If food is grown under stressful conditions, it too can activate your longevity genes

This mechanism of mild stress-activating longevity genes seems to be universal in all organisms that senesce (age) — and even fruits and vegetables. In fact, organic fruit and veg is often subjected to more stressful, natural conditions than non-organic produce. When under stress, organic plants release a compound called resveratrol. High concentrations of resveratrol are found in fruits, red wines (a glass of red wine can contain up to 3mg of it alone), and strawberries. Once consumed, resveratrol helps to kickstart longevity genes in the human body. So if you can, opt for organic fruit and vegetables.

The “Rabbit Lunch”

Almost everyone can guess what the ideal eat-well plate looks like. It is often nicknamed the Rabbit Lunch, and consists of approximately 80 per cent fruit and vegetables, with the remaining 20 split between carbs and meats.

Of the vegetables, aim for a rainbow of colours. But it is the blue-purple fruits and vegetables that have the most anti-cell ageing properties. Aubergines, purple cabbage and purple asparagus are all great vegetables to add to one’s dish.

What you eat is, of course, very important. But how often you eat it is just as important.

The importance of fasting

Countless studies have shown fasting to have enormous health benefits on the human body, both mental and physical. Fasting doesn’t have to be permanent or particularly difficult, either. In fact, it can even be convenient (not to mention more affordable, as it entails buying less food).

Here are three popular fasting diets: the 4-8pm diet requires followers to skip breakfast, have a late lunch and an even later breakfast. With the 5:2 diet, followers can eat whatever they like for five days of the week — but for two days they must eat 75 per cent less. The 5:2 diet is particularly good for removing harmful belly fat from the waist. Finally, the Eat Stop Eat diet requires intense fasting for one week of every month.
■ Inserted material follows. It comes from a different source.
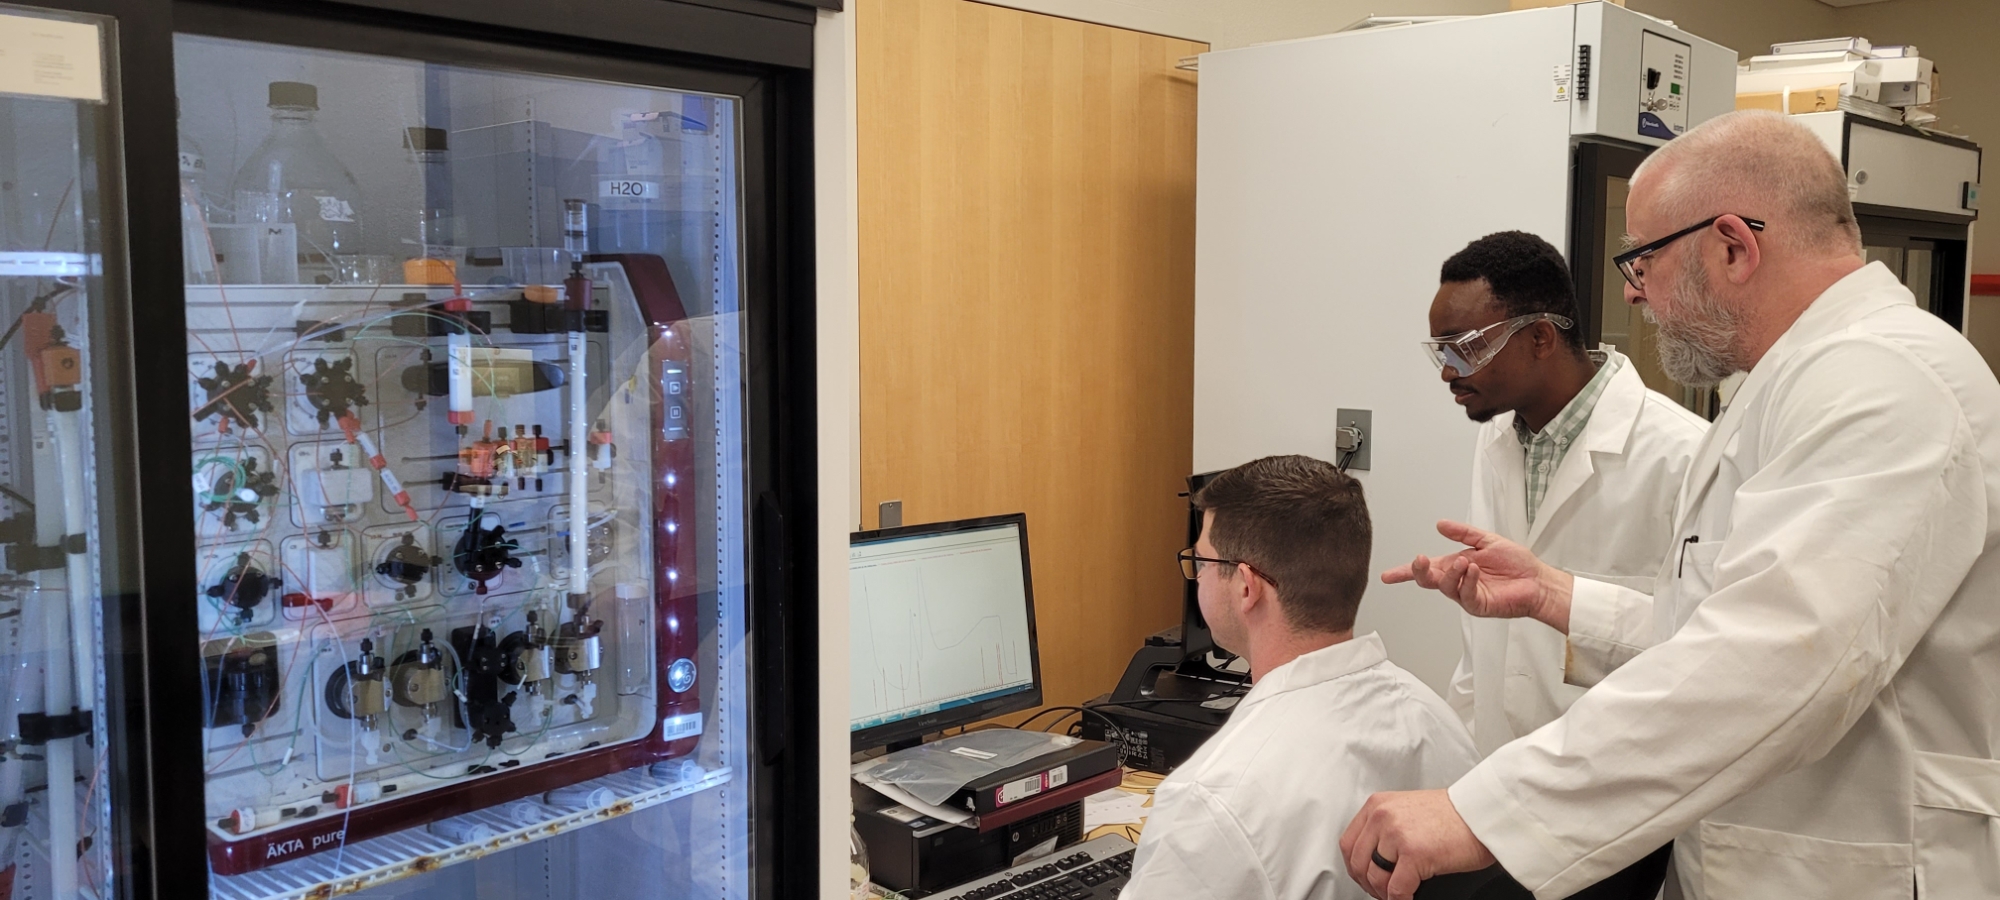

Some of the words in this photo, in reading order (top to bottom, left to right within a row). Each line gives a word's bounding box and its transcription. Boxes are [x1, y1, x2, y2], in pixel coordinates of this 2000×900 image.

[610, 182, 643, 196] H2O
[266, 838, 305, 860] ÄKTA
[312, 830, 345, 850] pure
In the 1990s there was an experiment that involved ‘astronauts’ working and living in a self-contained dome. The experiment was known as the Biosphere Project, and it was carried out to see if humans could live and be self-sufficient in outer space. The experiment failed, but the ‘astronauts’ had essentially fasted throughout the entire two-year process. The result was that — in all of them — blood pressure, sugar, and cholesterol had all fallen by at least 20 per cent.

Fasting also reduces resting heart rate and insulin levels. Therefore, it lowers our chances of getting debilitating illnesses in later life. Fasting also, in general, lengthens life expectancy. Mice live around 40 per cent longer, and men and women anywhere between 5 – 20 per cent longer.

Why fasting is so good for the body

Whenever we feel hungry, our body begins to wonder when the next meal will arrive. It then sounds the alarm bells, and our longevity genes hunker down and start repairing our DNA. Note that starving or malnourishing yourself is never good for the body. The key to healthy fasting is to give the body everything it needs, but to leave the body in a state of want as much as possible. This can include having small meals that aren’t filling, or just skipping some meals entirely.

There are plenty of theories about why fasting might be good for the body. One of the most compelling is that fasting is actually ‘normal’. It’s what the body expects. After all, human beings have lived in a precarious meal-to-meal situation for all our history. It is only in the last 100 years that supermarkets and consumerism and mass, cheap food really took off. By always eating when we want to, we never engage with our longevity genes, and so we miss out on crucial DNA repairs, making us age faster.

Conclusion

The key to eating and dieting in order to extend your lifespan — longevity dieting — it is important to put your body under mild stress. Feeling hunger is good. Malnourishment and starvation is obviously very bad. Miss a few meals, and try to limit your meat intake, and you will have a successful longevity diet.